Arlington House is the nation’s memorial to Robert E. Lee. It honors him for specific reasons, including his role in promoting peace and reunion after the Civil War. In a larger sense it exists as a place of study and contemplation of the meaning of some of the most difficult aspects of American history: military service; sacrifice; citizenship; duty; loyalty; slavery and freedom.

When visiting this by car, make sure your maps are updated because streets are being renamed, too. Lee Highway, a major thoroughfare in Northern Virginia, has already been renamed “Langston Highway” in deep-blue Arlington, where I live. Jefferson Davis Highway – US 1 – has already been renamed in different ways in many places. As I wrote about last year, neighboring Alexandria has made it easier for residents to change the names of 68 streets named or linked to alleged confederate sympathizers or combatants. Nearby, Fairfax City’s council just went ahead and renamed theirs autocratically. They promise to reimburse residents who have to go through the laborious and expensive process of changing their addresses on driver’s licenses and the like.

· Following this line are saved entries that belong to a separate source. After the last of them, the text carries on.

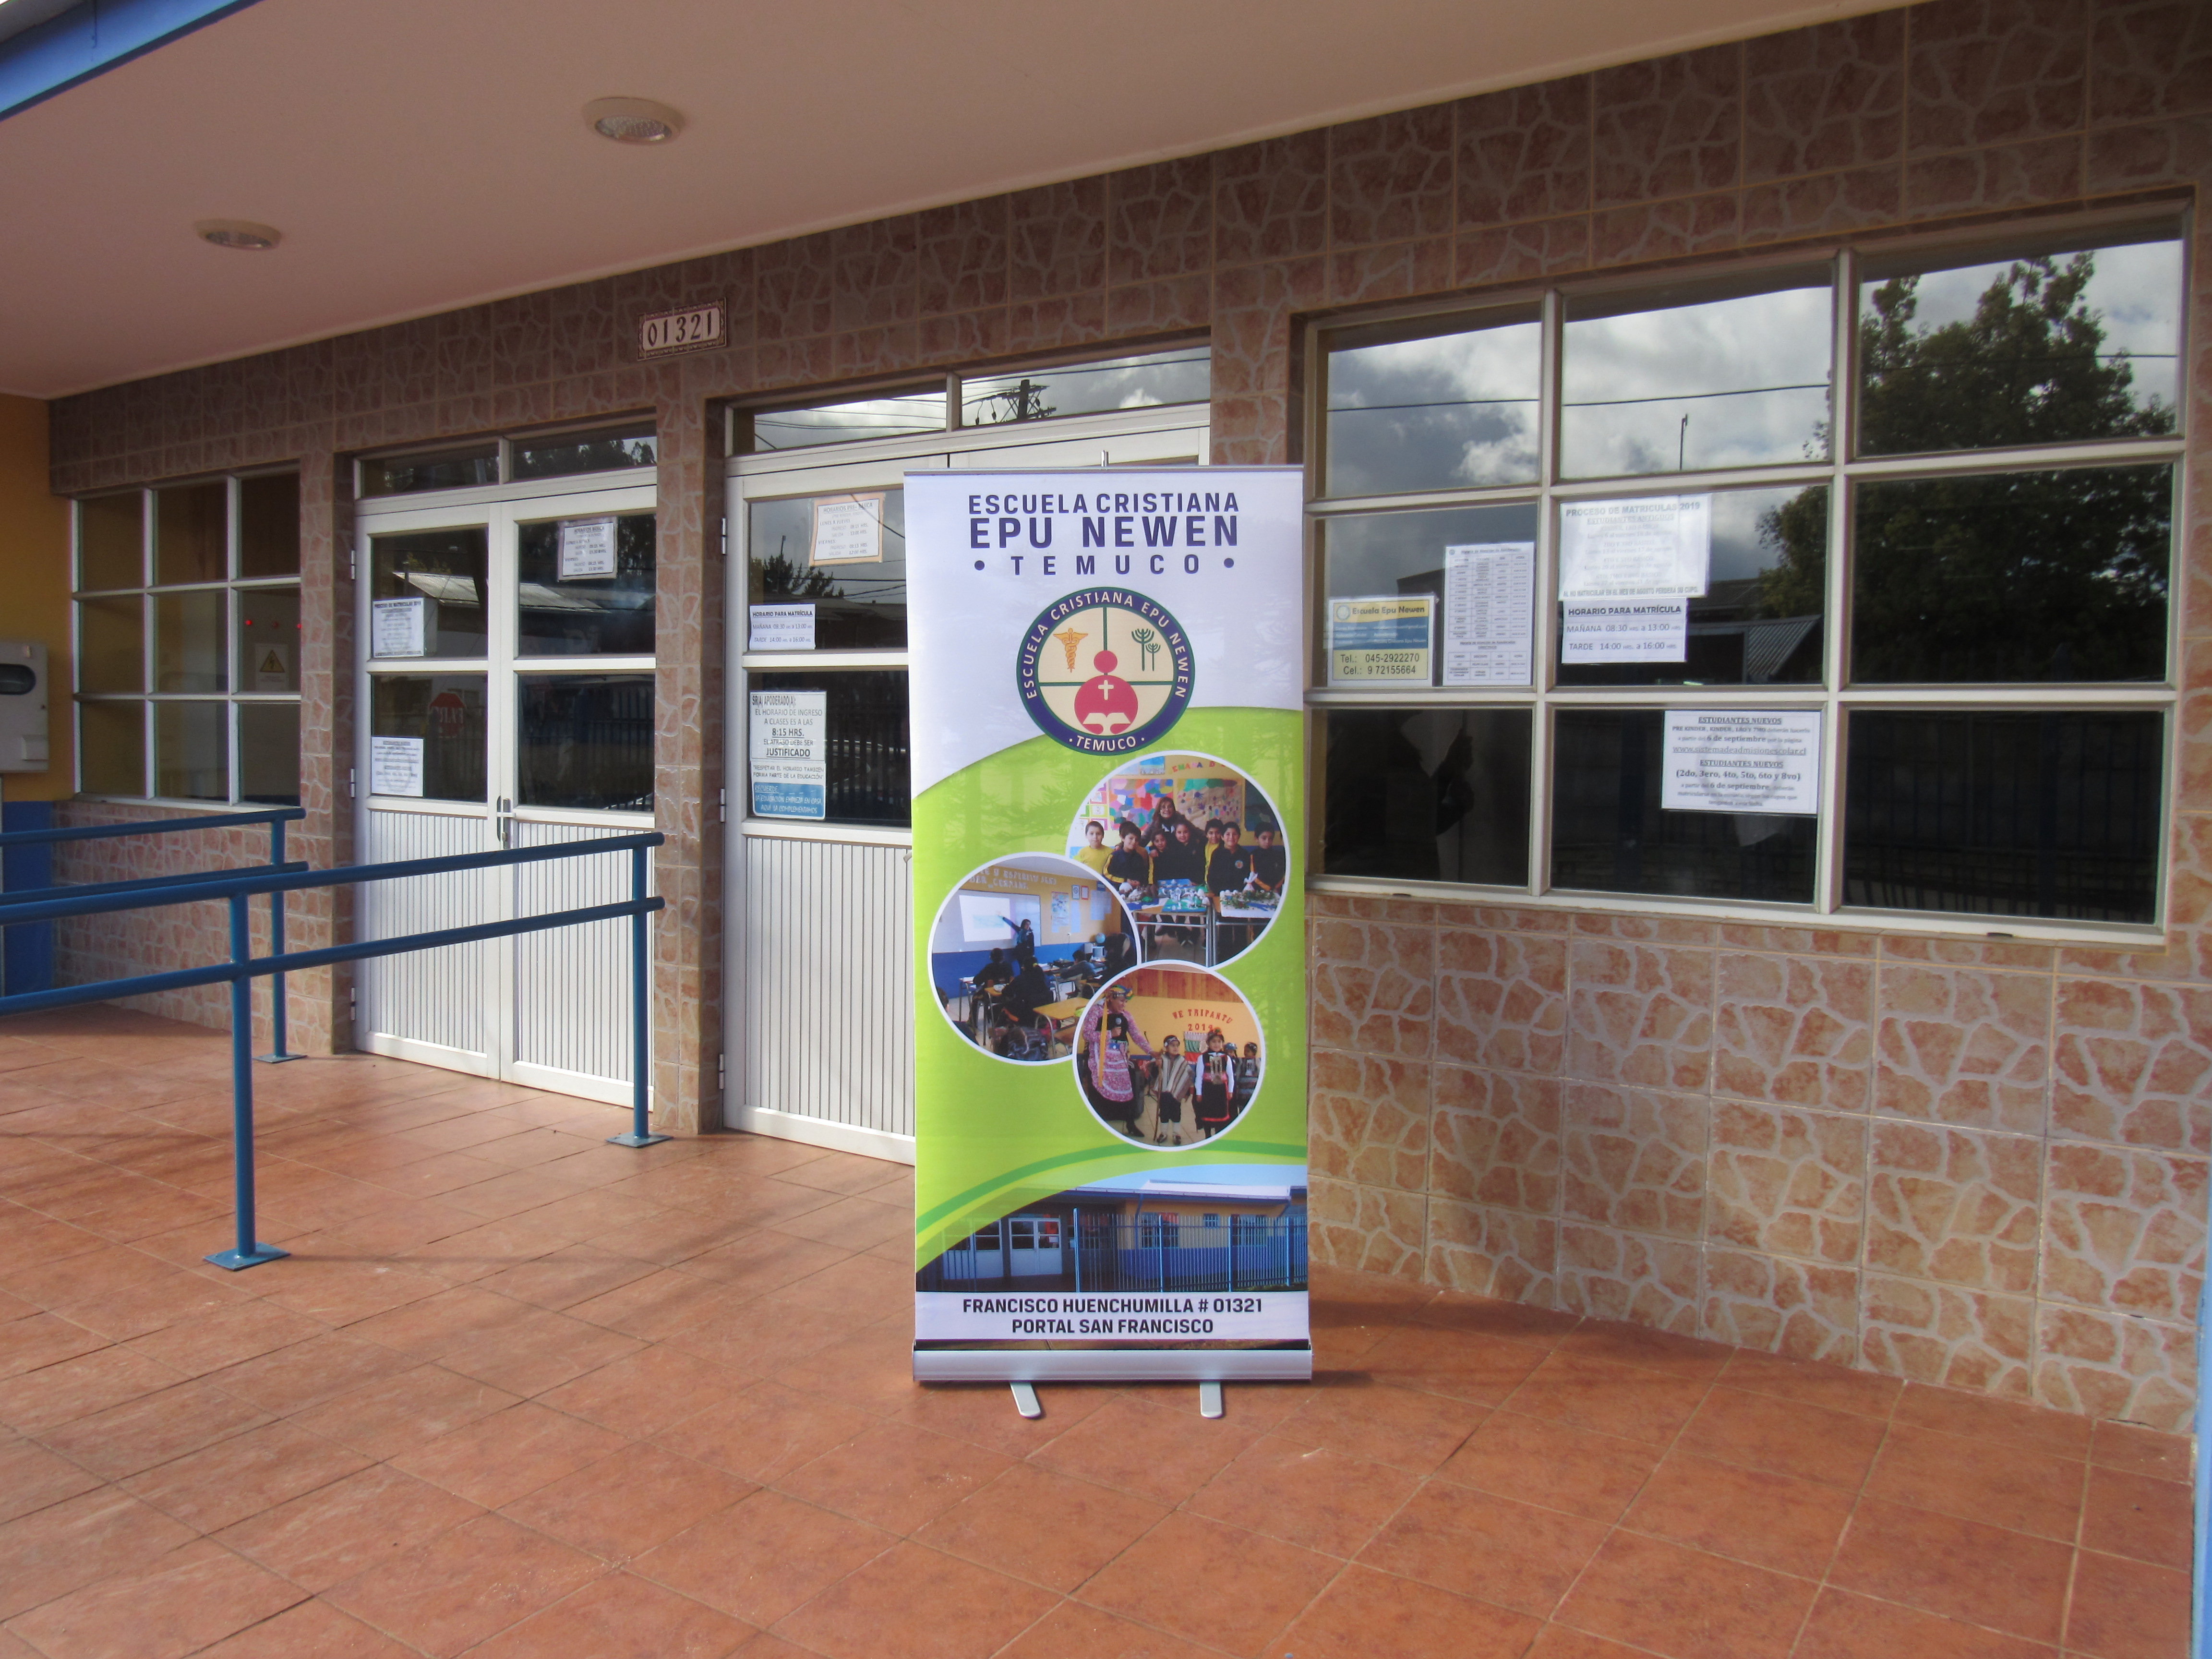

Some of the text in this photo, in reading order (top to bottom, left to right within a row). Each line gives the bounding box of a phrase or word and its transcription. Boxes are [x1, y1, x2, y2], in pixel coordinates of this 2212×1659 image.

[648, 311, 712, 347] 01321
[969, 492, 1239, 515] ESCUELA CRISTIANA
[1566, 508, 1606, 517] PROCESO
[1680, 502, 1700, 510] 2019
[970, 516, 1238, 549] EPU NEWEN
[1010, 554, 1199, 576] TEMUCO
[1382, 607, 1396, 615] Epu
[1633, 604, 1681, 613] MATRÍCULA
[1566, 625, 1602, 633] MAÑANA
[1022, 591, 1189, 699] ESCUELA CRISTIANA EPU NEWEN
[1341, 653, 1419, 663] Tel.: 045-2922270
[1344, 665, 1416, 675] Cel.: 9 72155664
[772, 728, 804, 737] 8:15 HRS.
[1076, 735, 1136, 751] TEMUCO
[766, 748, 811, 757] JUSTIFICADO
[1676, 769, 1697, 778] (2do,
[1722, 770, 1738, 779] 4to,
[1781, 772, 1801, 781] 8vo)
[963, 1298, 1262, 1313] FRANCISCO HUENCHUMILLA # 01321
[1012, 1318, 1214, 1334] PORTAL SAN FRANCISCO

Speaking of Fairfax City, their council also changed its official seal. The old seal features a confederate soldier and a “British Lord.” Who once owned the land, courtesy of a five million acre land grant from the British crown? None other than Lord Thomas Fairfax. It is not to be confused with Fairfax County, Virginia’s most populous county. Interestingly, the city isn’t contemplating changing its name. But give it time. The new seal featuring a colonial building seems fine, if boring, but it’s another example of erasing history.

Not to be outdone, Arlington is spending hundreds of thousands of dollars on redoing its official county logo, which is affixed to all kinds of signage and official vehicles. It used to feature an artistic rendition of Arlington House. Recently, the local NAACP objected. Thus began work on an uninteresting, uninspiring, and meaningless new logo, a comical diamond-shaped map of Arlington’s location compared to the District of Columbia and Alexandria. I think we knew that already.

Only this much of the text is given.